- [Required action]: What the task needs is every record repeated exactly, nothing more.

____ The data

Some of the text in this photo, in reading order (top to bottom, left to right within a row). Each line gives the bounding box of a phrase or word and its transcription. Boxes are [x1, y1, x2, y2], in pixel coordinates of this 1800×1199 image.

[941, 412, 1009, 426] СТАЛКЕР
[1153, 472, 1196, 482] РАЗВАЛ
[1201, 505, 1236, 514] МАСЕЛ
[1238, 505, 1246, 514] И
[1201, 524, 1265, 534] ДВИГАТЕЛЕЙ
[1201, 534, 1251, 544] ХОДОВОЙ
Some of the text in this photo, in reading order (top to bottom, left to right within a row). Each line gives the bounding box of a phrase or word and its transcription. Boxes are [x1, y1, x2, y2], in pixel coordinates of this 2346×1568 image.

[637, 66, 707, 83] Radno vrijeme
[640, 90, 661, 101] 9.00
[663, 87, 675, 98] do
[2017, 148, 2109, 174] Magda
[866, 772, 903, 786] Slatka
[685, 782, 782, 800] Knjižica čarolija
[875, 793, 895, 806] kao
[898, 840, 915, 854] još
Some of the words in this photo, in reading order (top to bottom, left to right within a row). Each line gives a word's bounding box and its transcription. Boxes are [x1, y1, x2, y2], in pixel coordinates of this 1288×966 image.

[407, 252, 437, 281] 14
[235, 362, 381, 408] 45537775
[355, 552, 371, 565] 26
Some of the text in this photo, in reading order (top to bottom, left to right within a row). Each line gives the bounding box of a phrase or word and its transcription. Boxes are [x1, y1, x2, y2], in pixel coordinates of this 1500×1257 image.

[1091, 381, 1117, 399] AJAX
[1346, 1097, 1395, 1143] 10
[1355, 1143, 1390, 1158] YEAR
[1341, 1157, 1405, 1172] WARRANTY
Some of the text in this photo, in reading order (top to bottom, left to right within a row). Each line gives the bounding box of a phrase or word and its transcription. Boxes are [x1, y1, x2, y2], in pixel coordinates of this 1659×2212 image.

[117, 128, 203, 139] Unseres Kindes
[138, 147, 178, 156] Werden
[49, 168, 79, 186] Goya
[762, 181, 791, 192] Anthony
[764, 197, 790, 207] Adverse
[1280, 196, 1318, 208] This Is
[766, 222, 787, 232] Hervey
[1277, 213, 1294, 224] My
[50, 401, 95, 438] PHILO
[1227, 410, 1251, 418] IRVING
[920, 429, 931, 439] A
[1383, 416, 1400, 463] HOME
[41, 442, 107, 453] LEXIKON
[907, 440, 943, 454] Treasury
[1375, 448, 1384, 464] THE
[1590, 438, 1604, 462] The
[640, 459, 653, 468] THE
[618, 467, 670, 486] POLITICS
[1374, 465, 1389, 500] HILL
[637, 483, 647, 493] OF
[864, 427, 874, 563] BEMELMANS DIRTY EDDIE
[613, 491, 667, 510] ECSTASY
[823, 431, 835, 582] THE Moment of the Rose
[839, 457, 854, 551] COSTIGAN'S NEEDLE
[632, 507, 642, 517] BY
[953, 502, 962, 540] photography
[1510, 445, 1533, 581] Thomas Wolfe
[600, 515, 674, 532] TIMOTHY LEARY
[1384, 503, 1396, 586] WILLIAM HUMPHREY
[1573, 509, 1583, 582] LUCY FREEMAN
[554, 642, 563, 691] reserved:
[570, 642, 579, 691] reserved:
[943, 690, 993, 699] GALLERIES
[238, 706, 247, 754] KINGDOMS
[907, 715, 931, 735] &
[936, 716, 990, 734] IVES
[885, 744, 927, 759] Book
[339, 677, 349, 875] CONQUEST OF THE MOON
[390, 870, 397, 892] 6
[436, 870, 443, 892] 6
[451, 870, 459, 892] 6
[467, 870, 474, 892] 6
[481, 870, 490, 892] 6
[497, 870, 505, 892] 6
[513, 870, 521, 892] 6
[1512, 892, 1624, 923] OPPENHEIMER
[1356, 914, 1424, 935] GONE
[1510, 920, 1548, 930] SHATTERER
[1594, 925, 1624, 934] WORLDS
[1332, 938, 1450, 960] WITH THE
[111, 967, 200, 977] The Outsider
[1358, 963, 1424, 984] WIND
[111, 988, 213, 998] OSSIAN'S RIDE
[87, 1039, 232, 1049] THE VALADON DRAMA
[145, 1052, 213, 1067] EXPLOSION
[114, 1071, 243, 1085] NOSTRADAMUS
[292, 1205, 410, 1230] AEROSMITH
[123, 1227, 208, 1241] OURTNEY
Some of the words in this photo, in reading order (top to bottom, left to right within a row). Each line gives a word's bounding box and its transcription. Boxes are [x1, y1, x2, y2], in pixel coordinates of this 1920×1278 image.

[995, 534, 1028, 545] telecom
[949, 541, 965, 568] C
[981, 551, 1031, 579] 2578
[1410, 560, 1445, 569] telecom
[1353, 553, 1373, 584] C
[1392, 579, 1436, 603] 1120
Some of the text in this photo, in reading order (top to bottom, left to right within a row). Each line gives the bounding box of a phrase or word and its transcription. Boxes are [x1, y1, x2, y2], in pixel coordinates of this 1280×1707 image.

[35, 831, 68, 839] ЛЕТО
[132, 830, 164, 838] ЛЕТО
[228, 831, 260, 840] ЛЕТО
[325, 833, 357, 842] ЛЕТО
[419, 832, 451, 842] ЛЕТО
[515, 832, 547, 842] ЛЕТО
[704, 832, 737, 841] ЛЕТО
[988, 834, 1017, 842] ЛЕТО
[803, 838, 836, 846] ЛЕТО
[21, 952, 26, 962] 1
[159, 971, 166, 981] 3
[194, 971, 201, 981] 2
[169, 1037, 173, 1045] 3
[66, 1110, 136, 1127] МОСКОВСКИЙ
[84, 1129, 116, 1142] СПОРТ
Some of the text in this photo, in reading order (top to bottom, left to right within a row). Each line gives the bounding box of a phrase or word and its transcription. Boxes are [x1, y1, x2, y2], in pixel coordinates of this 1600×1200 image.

________

- [Response]:
Some of the text in this photo, in reading order (top to bottom, left to right within a row). Each line gives the bounding box of a phrase or word and its transcription. Boxes are [x1, y1, x2, y2], in pixel coordinates of this 1800×1199 image.

[941, 412, 1009, 426] СТАЛКЕР
[1153, 472, 1196, 482] РАЗВАЛ
[1201, 505, 1236, 514] МАСЕЛ
[1238, 505, 1246, 514] И
[1201, 524, 1265, 534] ДВИГАТЕЛЕЙ
[1201, 534, 1251, 544] ХОДОВОЙ
Some of the text in this photo, in reading order (top to bottom, left to right within a row). Each line gives the bounding box of a phrase or word and its transcription. Boxes are [x1, y1, x2, y2], in pixel coordinates of this 2346×1568 image.

[637, 66, 707, 83] Radno vrijeme
[640, 90, 661, 101] 9.00
[663, 87, 675, 98] do
[2017, 148, 2109, 174] Magda
[866, 772, 903, 786] Slatka
[685, 782, 782, 800] Knjižica čarolija
[875, 793, 895, 806] kao
[898, 840, 915, 854] još
Some of the words in this photo, in reading order (top to bottom, left to right within a row). Each line gives a word's bounding box and its transcription. Boxes are [x1, y1, x2, y2], in pixel coordinates of this 1288×966 image.

[407, 252, 437, 281] 14
[235, 362, 381, 408] 45537775
[355, 552, 371, 565] 26
Some of the text in this photo, in reading order (top to bottom, left to right within a row). Each line gives the bounding box of a phrase or word and its transcription. Boxes are [x1, y1, x2, y2], in pixel coordinates of this 1500×1257 image.

[1091, 381, 1117, 399] AJAX
[1346, 1097, 1395, 1143] 10
[1355, 1143, 1390, 1158] YEAR
[1341, 1157, 1405, 1172] WARRANTY
Some of the text in this photo, in reading order (top to bottom, left to right within a row). Each line gives the bounding box of a phrase or word and its transcription. Boxes are [x1, y1, x2, y2], in pixel coordinates of this 1659×2212 image.

[117, 128, 203, 139] Unseres Kindes
[138, 147, 178, 156] Werden
[49, 168, 79, 186] Goya
[762, 181, 791, 192] Anthony
[764, 197, 790, 207] Adverse
[1280, 196, 1318, 208] This Is
[766, 222, 787, 232] Hervey
[1277, 213, 1294, 224] My
[50, 401, 95, 438] PHILO
[1227, 410, 1251, 418] IRVING
[920, 429, 931, 439] A
[1383, 416, 1400, 463] HOME
[41, 442, 107, 453] LEXIKON
[907, 440, 943, 454] Treasury
[1375, 448, 1384, 464] THE
[1590, 438, 1604, 462] The
[640, 459, 653, 468] THE
[618, 467, 670, 486] POLITICS
[1374, 465, 1389, 500] HILL
[637, 483, 647, 493] OF
[864, 427, 874, 563] BEMELMANS DIRTY EDDIE
[613, 491, 667, 510] ECSTASY
[823, 431, 835, 582] THE Moment of the Rose
[839, 457, 854, 551] COSTIGAN'S NEEDLE
[632, 507, 642, 517] BY
[953, 502, 962, 540] photography
[1510, 445, 1533, 581] Thomas Wolfe
[600, 515, 674, 532] TIMOTHY LEARY
[1384, 503, 1396, 586] WILLIAM HUMPHREY
[1573, 509, 1583, 582] LUCY FREEMAN
[554, 642, 563, 691] reserved:
[570, 642, 579, 691] reserved:
[943, 690, 993, 699] GALLERIES
[238, 706, 247, 754] KINGDOMS
[907, 715, 931, 735] &
[936, 716, 990, 734] IVES
[885, 744, 927, 759] Book
[339, 677, 349, 875] CONQUEST OF THE MOON
[390, 870, 397, 892] 6
[436, 870, 443, 892] 6
[451, 870, 459, 892] 6
[467, 870, 474, 892] 6
[481, 870, 490, 892] 6
[497, 870, 505, 892] 6
[513, 870, 521, 892] 6
[1512, 892, 1624, 923] OPPENHEIMER
[1356, 914, 1424, 935] GONE
[1510, 920, 1548, 930] SHATTERER
[1594, 925, 1624, 934] WORLDS
[1332, 938, 1450, 960] WITH THE
[111, 967, 200, 977] The Outsider
[1358, 963, 1424, 984] WIND
[111, 988, 213, 998] OSSIAN'S RIDE
[87, 1039, 232, 1049] THE VALADON DRAMA
[145, 1052, 213, 1067] EXPLOSION
[114, 1071, 243, 1085] NOSTRADAMUS
[292, 1205, 410, 1230] AEROSMITH
[123, 1227, 208, 1241] OURTNEY
Some of the words in this photo, in reading order (top to bottom, left to right within a row). Each line gives a word's bounding box and its transcription. Boxes are [x1, y1, x2, y2], in pixel coordinates of this 1920×1278 image.

[995, 534, 1028, 545] telecom
[949, 541, 965, 568] C
[981, 551, 1031, 579] 2578
[1410, 560, 1445, 569] telecom
[1353, 553, 1373, 584] C
[1392, 579, 1436, 603] 1120
Some of the text in this photo, in reading order (top to bottom, left to right within a row). Each line gives the bounding box of a phrase or word and its transcription. Boxes are [x1, y1, x2, y2], in pixel coordinates of this 1280×1707 image.

[35, 831, 68, 839] ЛЕТО
[132, 830, 164, 838] ЛЕТО
[228, 831, 260, 840] ЛЕТО
[325, 833, 357, 842] ЛЕТО
[419, 832, 451, 842] ЛЕТО
[515, 832, 547, 842] ЛЕТО
[704, 832, 737, 841] ЛЕТО
[988, 834, 1017, 842] ЛЕТО
[803, 838, 836, 846] ЛЕТО
[21, 952, 26, 962] 1
[159, 971, 166, 981] 3
[194, 971, 201, 981] 2
[169, 1037, 173, 1045] 3
[66, 1110, 136, 1127] МОСКОВСКИЙ
[84, 1129, 116, 1142] СПОРТ
Some of the text in this photo, in reading order (top to bottom, left to right within a row). Each line gives the bounding box of a phrase or word and its transcription. Boxes are [x1, y1, x2, y2], in pixel coordinates of this 1600×1200 image.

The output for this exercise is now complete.